**REQUIRED ACTION**
When a picture appears in the listing, leave it out and copy the rest exactly as it stands.

*** THE DATA ***

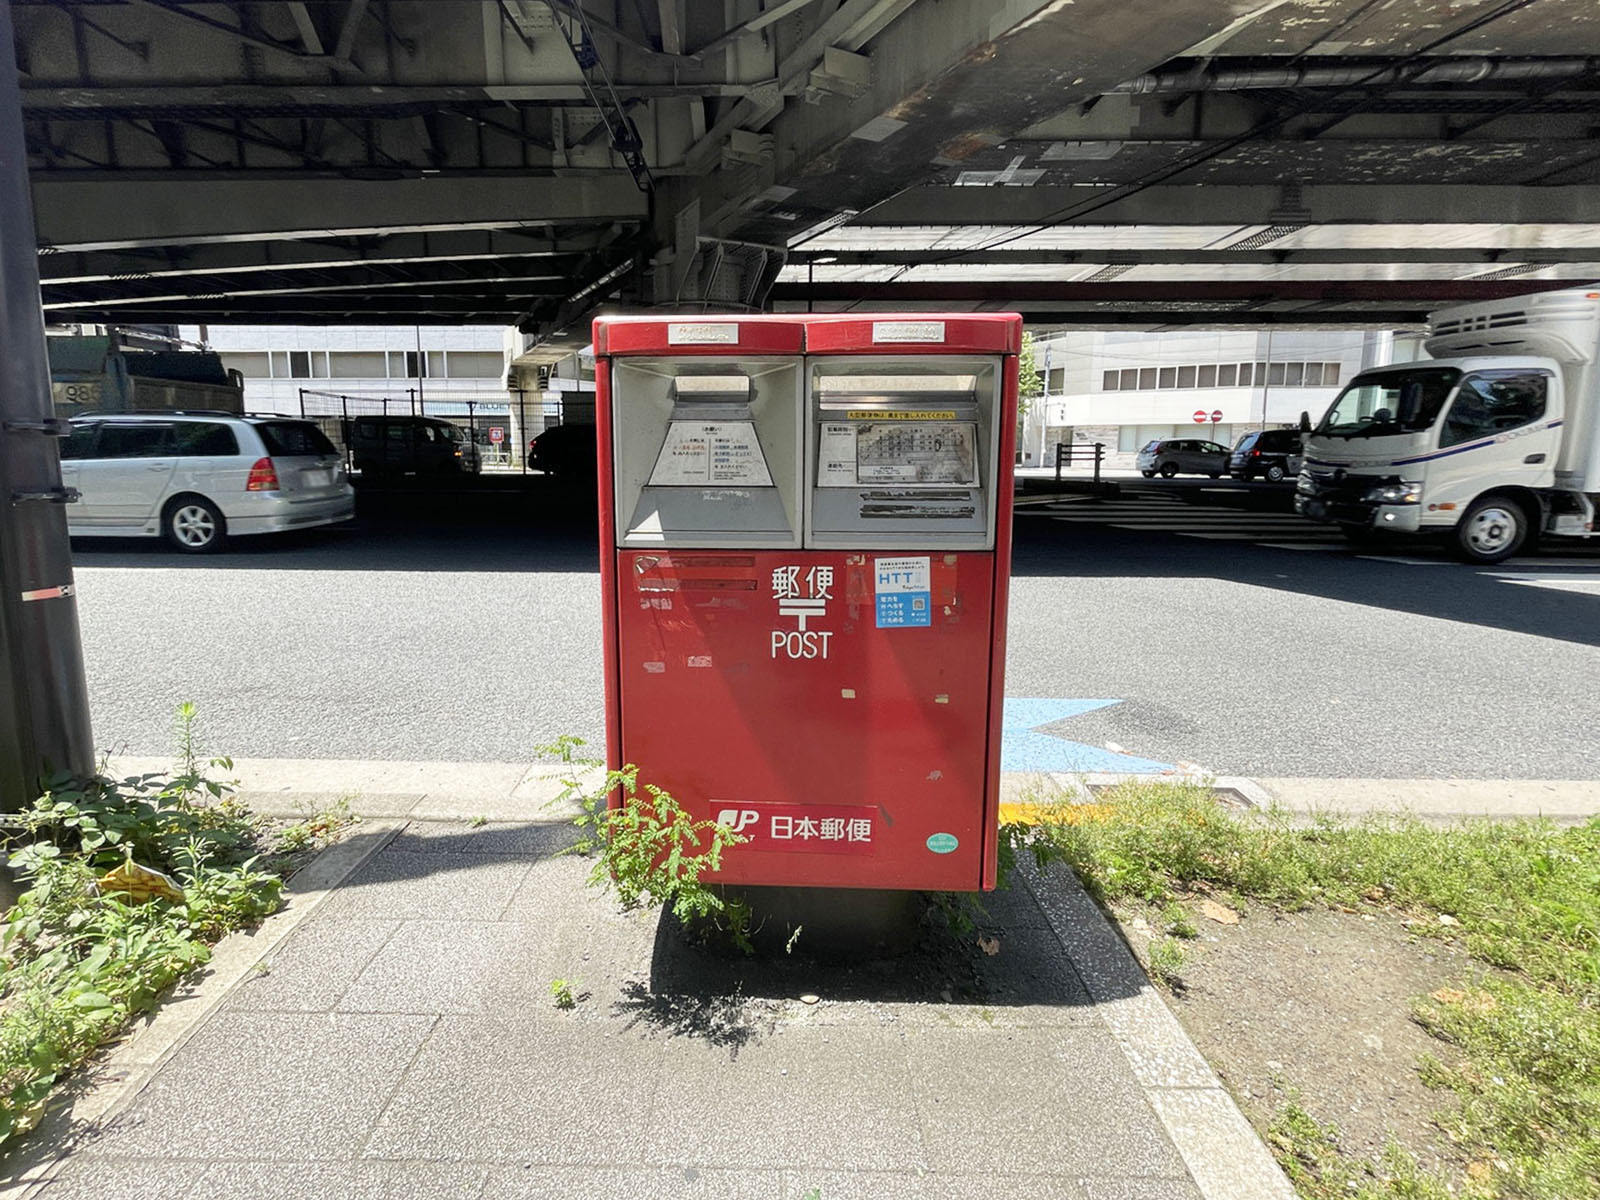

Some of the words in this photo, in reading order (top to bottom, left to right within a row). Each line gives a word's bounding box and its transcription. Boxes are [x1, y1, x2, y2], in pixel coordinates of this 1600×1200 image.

[772, 566, 834, 600] 郵便
[879, 572, 912, 584] HTT
[771, 630, 834, 660] POST
[771, 815, 872, 843] 日本郵便
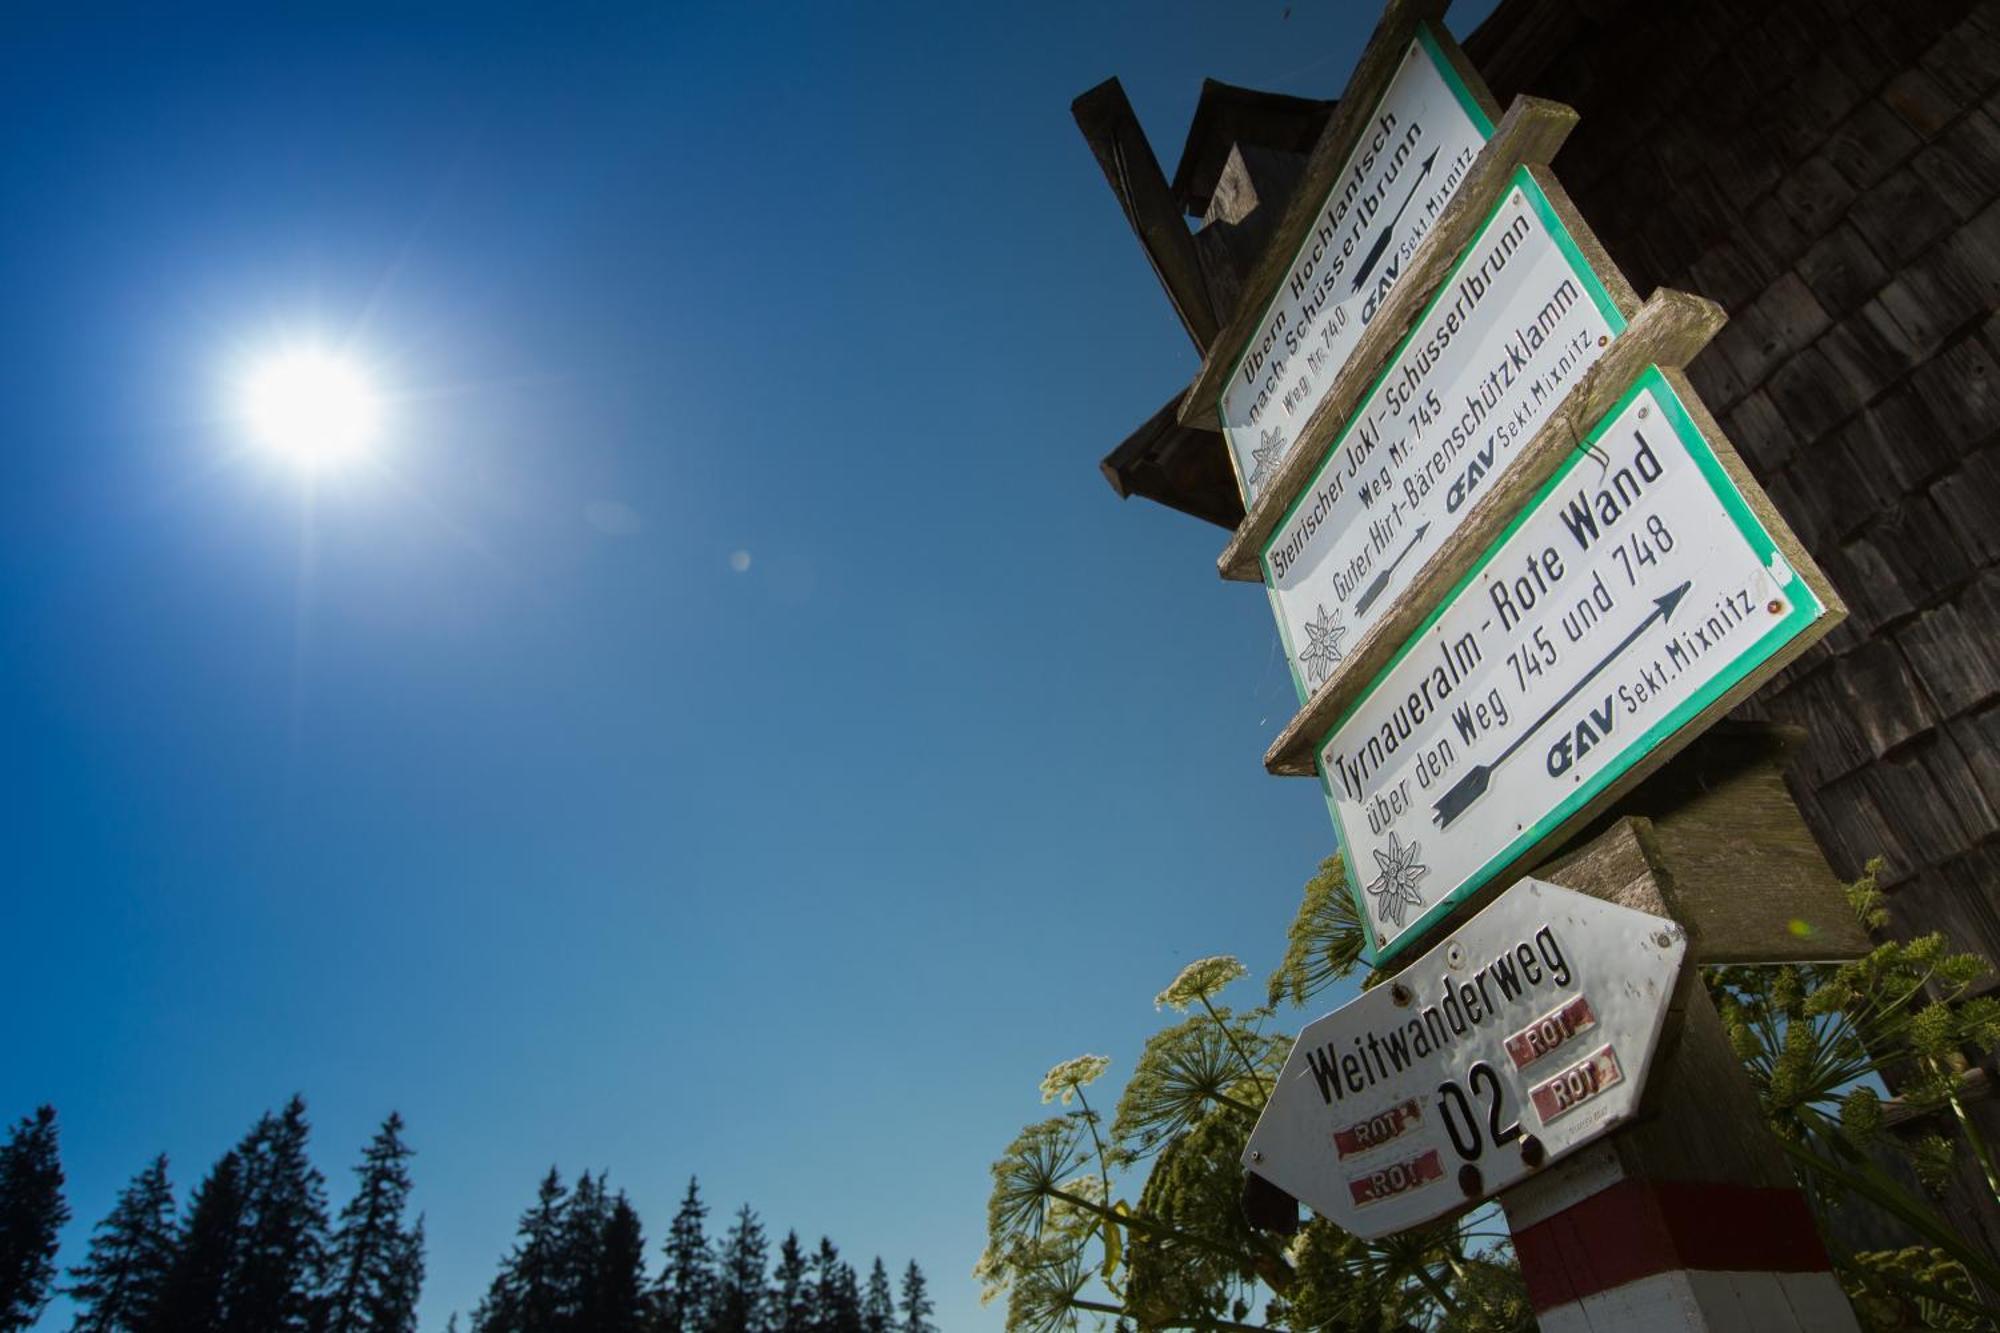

*** End of THE DATA ***

**ANSWER BELOW**
Some of the words in this photo, in reading order (top to bottom, left to right within a row). Each line gives a word's bounding box and its transcription. Boxes are [x1, y1, x2, y2], in pixel coordinates of this 1600×1200 image.

[772, 566, 834, 600] 郵便
[879, 572, 912, 584] HTT
[771, 630, 834, 660] POST
[771, 815, 872, 843] 日本郵便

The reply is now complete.